So, I have finally seen Grave of the Fireflies! (And watched Totoro for the… not even sure, n+1th time.) For comments before the film, see Animation Night 111.

Anyway, what a fascinating range that was. I went into Fireflies not know much more than the premise - two children die in the war - and to expect an extremely sad movie. So, let me talk about some things that stood out to me, compared to that expectation. And then, I want to lead into a comparison to some very similar films, namely Barefoot Gen and In This Corner of the World

Gif source: @theforgers

So. The first surprise - perhaps it shouldn’t be a surprise, given we’re talking about Takahata here - is how understated it is. It does use music, but only sometimes. In contrast to the exaggerated emotions and stretchy faces of Totoro, characters are mostly quite stoic. It’s not to say that characters do not emote at all, as in many of Mamoru Oshii’s films - indeed, the film may be the first to contain the iconic Ghibli tears running down a character’s face - but a lot of the time, we are led to infer the emotional context from the characters’ actions, the scenario, and the framing of the scenes.

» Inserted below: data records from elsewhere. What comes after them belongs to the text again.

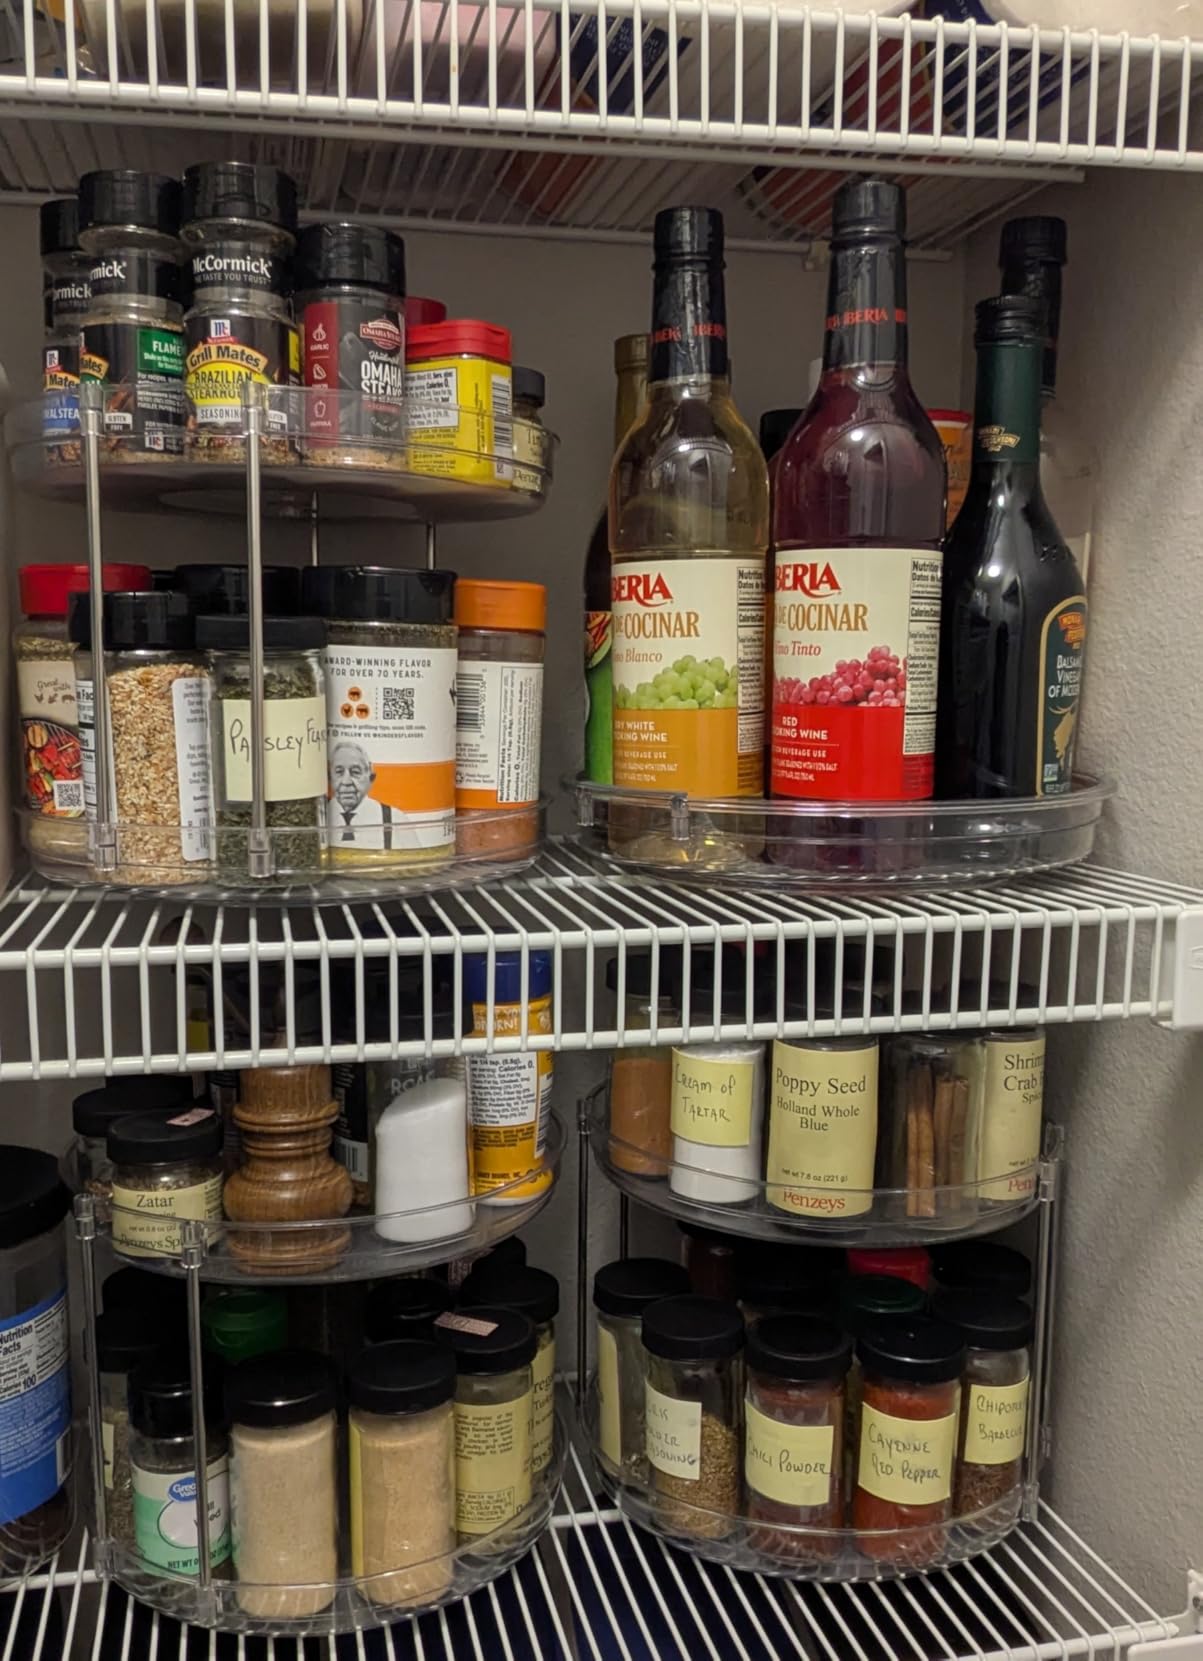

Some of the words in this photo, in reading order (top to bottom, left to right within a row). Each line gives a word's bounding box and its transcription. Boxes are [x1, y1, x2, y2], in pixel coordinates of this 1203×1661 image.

[190, 345, 212, 368] Grill
[216, 345, 261, 368] Mates
[194, 370, 253, 385] BRAZILIAN
[788, 603, 868, 631] COCINAR
[624, 611, 700, 639] COCINAR
[625, 648, 663, 663] Blanco
[791, 640, 822, 656] Tinto
[324, 656, 396, 667] AWARD-WINNING
[399, 659, 432, 668] FLAVOR
[330, 667, 347, 677] FOR
[349, 668, 374, 677] OVER
[377, 669, 389, 679] 70
[392, 669, 425, 679] YEARS.
[1048, 684, 1061, 699] OF
[626, 721, 656, 731] WHITE
[782, 716, 798, 727] RED
[640, 732, 668, 742] WINE
[799, 729, 828, 740] WINE
[812, 750, 827, 758] USE
[498, 1064, 526, 1072] Calories
[776, 1067, 821, 1097] Poppy
[827, 1074, 866, 1095] Seed
[1004, 1073, 1038, 1091] Crab
[777, 1096, 817, 1117] Holland
[821, 1104, 860, 1118] Whole
[800, 1116, 829, 1131] Blue
[136, 1194, 176, 1208] Zatar
[783, 1186, 846, 1213] Penzeys
[22, 1374, 37, 1390] 100
[868, 1422, 932, 1459] CAYENNE
[779, 1449, 831, 1474] POWDER
[902, 1459, 941, 1484] PEPPER
[167, 1561, 180, 1569] NET
[181, 1559, 193, 1568] WT
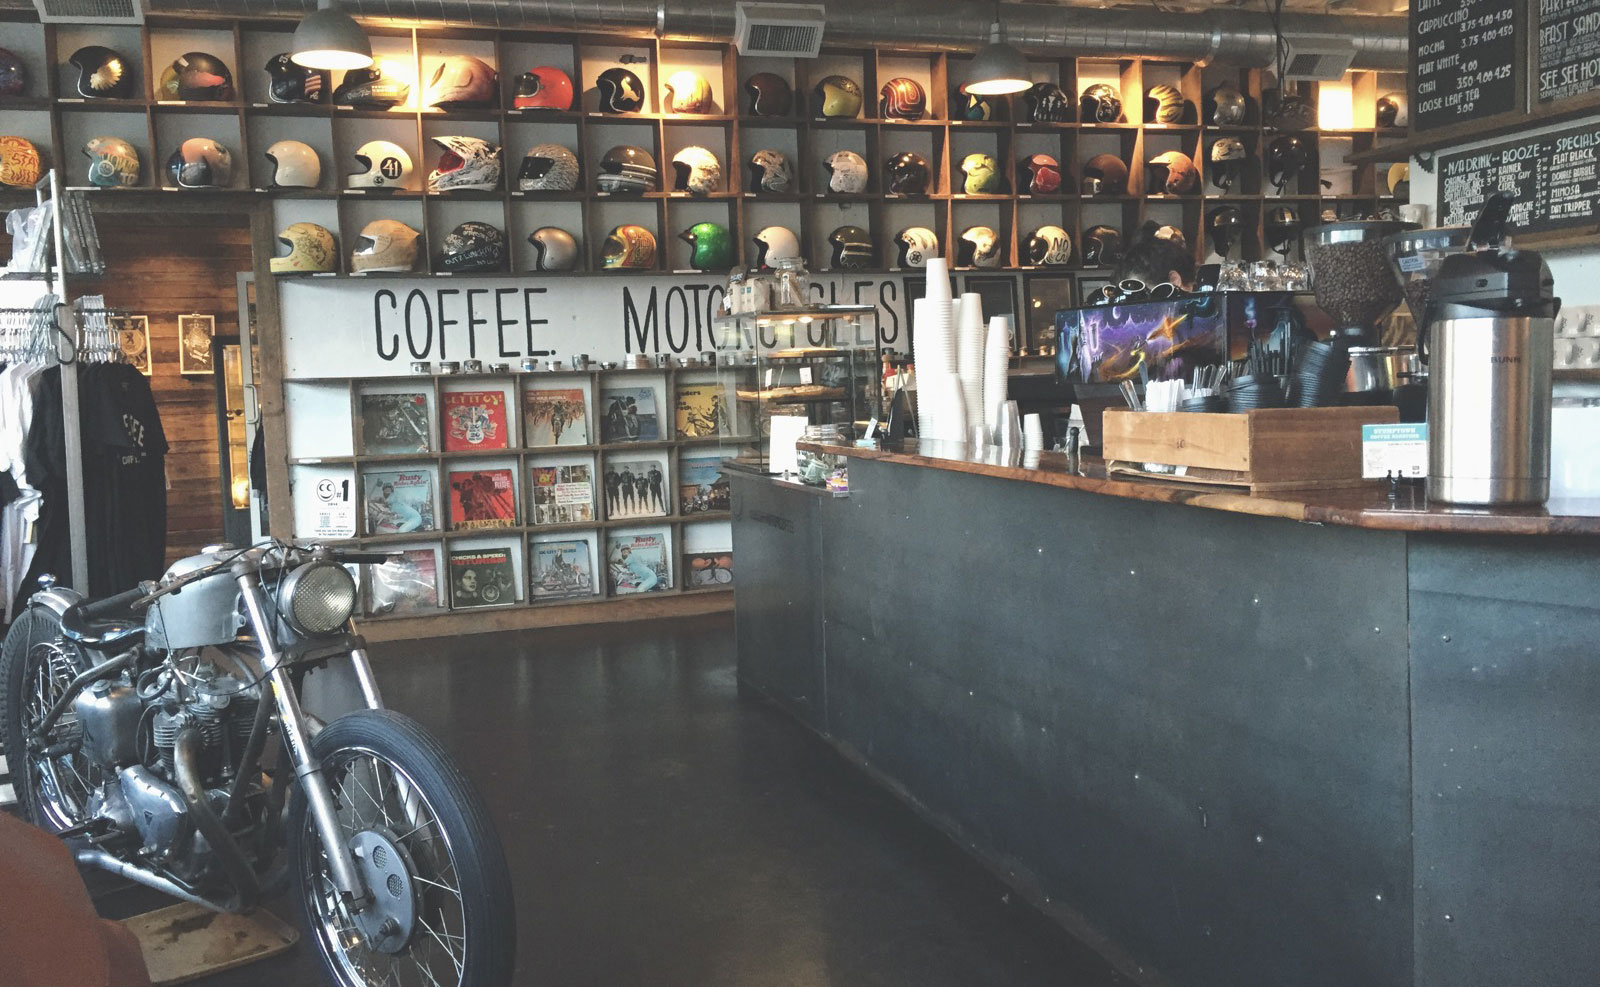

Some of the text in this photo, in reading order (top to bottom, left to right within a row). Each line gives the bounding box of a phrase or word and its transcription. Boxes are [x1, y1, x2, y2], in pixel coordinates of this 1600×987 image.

Grave of the Fireflies opens with the death of the boy Seita. He is one of a number of starving, listless children in what I think is a train station. Even before his death, he barely responds to interaction or offers of food, and before long he dies. A uniformed man finds his body, but does not seem to find it remarkable - children dying here is a regular occurrence. He finds a sweets tin, and can’t work out what’s inside it - it is only much later that we find out the tin contains ashes of Seita’s sister Setsuko, who starved to death under his watch, and the tin becomes a symbol of their relationship through the rest of the film. Seita and Setsuko’s ghosts rise from the tin; the rest of the film is a flashback, showing the circumstances in which Setsuko died.

Gif source: @alvsjo

The film is based on a short story written in 1967 by Akiyuki Nosaka. It is semi-autobiograpical; in reality, Nosaka lost three family members during the war: one sister to illness, his father to the firebombing of Kobe, and then his younger sister Fukui to malnutrition; the story is framed as an apology to Fukui for her death. So in a most direct sense, Seita represents Akiyuki Nosaka, and Setsuko represents Fukui. The story is written in the tradition of ‘double suicide’ stories, more typically about lovers. It is in a way quite abstracted: Nosaka spoke of writing about an ‘idealised humanity’ in an ‘idealised situation’ in contrast to his feelings about the culture of 1967.

If you read the wiki article there, almost all of what we read is Takahata’s interpretation; it’s safe to say his film has heavily overshadowed the original story in memory. So let’s look at his connection to it.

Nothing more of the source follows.